SourceForge Headquarters 225 Broadway Suite 1600 San Diego, CA 92101 +1 (858) 422-6466

Maybe it would be possible to block the search engines from saving session data.  We could possibly check the hostname and if it matches GoogleBot, Yahoo or Bing, stop it from saving to session.

Harry Shyket
Digital Media Specialist
Yale University Peabody Museum
ph. 203-436-9428
har...@ya...

From: William Piel [mailto:wil...@ya...]
Sent: Tuesday, November 15, 2011 9:54 AM
To: TreeBASE devel
Subject: Re: [Treebase-devel] Fwd: Treebase Dev problems

On Nov 15, 2011, at 9:35 AM, Rutger Vos wrote:

We want search engines to crawl as much of the production server as we can manage (but remember when the google bot brought it to its knees) but none of dev and stage - that would only lead to inconsistent search results. Ideally we would let the bots crawl a site map with the purls so that it is those that are in the search results (though I wonder whether a bot would use the purl as the address or whatever that purl forwards to).

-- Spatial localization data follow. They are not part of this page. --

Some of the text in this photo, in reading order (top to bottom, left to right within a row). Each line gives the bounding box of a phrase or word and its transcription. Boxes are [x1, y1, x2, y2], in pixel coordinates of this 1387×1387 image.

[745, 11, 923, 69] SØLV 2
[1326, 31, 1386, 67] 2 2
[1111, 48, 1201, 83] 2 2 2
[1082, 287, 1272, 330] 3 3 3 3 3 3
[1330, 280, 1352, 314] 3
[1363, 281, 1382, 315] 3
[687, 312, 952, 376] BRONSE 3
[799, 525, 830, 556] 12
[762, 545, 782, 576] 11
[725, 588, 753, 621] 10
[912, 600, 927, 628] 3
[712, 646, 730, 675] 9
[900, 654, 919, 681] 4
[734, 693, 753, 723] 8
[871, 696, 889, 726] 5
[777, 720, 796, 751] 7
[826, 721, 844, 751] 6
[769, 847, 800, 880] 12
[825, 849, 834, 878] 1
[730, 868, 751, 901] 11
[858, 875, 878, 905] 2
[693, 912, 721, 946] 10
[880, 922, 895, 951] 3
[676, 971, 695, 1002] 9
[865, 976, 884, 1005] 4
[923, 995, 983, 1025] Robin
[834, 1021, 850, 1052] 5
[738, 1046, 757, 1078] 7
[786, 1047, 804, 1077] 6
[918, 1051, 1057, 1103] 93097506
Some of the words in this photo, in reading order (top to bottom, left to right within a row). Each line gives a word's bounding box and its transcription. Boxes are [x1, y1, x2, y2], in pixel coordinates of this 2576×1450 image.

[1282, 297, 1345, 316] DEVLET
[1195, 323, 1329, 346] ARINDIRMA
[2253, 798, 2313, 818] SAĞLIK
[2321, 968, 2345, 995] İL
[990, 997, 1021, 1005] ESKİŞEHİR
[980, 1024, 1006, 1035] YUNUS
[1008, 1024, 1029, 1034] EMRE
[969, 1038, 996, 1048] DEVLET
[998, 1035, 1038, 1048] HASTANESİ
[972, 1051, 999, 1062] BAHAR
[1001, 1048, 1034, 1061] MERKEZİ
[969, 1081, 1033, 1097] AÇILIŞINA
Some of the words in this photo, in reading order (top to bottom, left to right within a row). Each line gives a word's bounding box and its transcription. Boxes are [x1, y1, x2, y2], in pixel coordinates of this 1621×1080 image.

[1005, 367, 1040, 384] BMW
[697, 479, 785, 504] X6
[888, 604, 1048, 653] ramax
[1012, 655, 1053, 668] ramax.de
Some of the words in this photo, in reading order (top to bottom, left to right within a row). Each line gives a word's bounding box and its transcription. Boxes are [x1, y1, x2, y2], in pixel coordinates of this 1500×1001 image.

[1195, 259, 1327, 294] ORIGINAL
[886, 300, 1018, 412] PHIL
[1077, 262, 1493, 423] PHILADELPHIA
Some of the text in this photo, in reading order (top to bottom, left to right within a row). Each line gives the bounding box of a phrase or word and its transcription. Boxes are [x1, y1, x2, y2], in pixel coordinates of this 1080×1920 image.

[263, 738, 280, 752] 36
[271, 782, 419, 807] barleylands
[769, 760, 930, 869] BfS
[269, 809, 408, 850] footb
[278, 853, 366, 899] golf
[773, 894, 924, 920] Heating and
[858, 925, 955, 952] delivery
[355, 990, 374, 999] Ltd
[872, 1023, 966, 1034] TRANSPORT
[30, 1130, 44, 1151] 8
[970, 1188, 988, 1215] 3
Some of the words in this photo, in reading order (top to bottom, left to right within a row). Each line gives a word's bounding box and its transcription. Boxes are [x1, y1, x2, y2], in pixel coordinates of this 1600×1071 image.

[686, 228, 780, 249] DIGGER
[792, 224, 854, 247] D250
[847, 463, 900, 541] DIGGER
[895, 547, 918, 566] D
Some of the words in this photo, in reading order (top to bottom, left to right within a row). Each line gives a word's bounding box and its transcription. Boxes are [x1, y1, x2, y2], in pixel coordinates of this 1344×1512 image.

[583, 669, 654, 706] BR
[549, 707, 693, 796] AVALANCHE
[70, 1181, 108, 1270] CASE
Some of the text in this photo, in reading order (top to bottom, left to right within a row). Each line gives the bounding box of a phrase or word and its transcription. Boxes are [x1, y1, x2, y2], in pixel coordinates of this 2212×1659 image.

yes, currently we publish a site map for Google -- which is why this query results in over 60,000 hits:

http://www.google.com/search?client=safari&rls=en&q=site:treebase.org

Google finds 4,000 hits using this one:

http://www.google.com/search?client=safari&rls=en&q=site:treebase-dev.nescent.org

which is probably done by indexing without the guidance of our site map.

So, bad Google.

Definitely, let's make dev and stage off-limits to search robots.

bp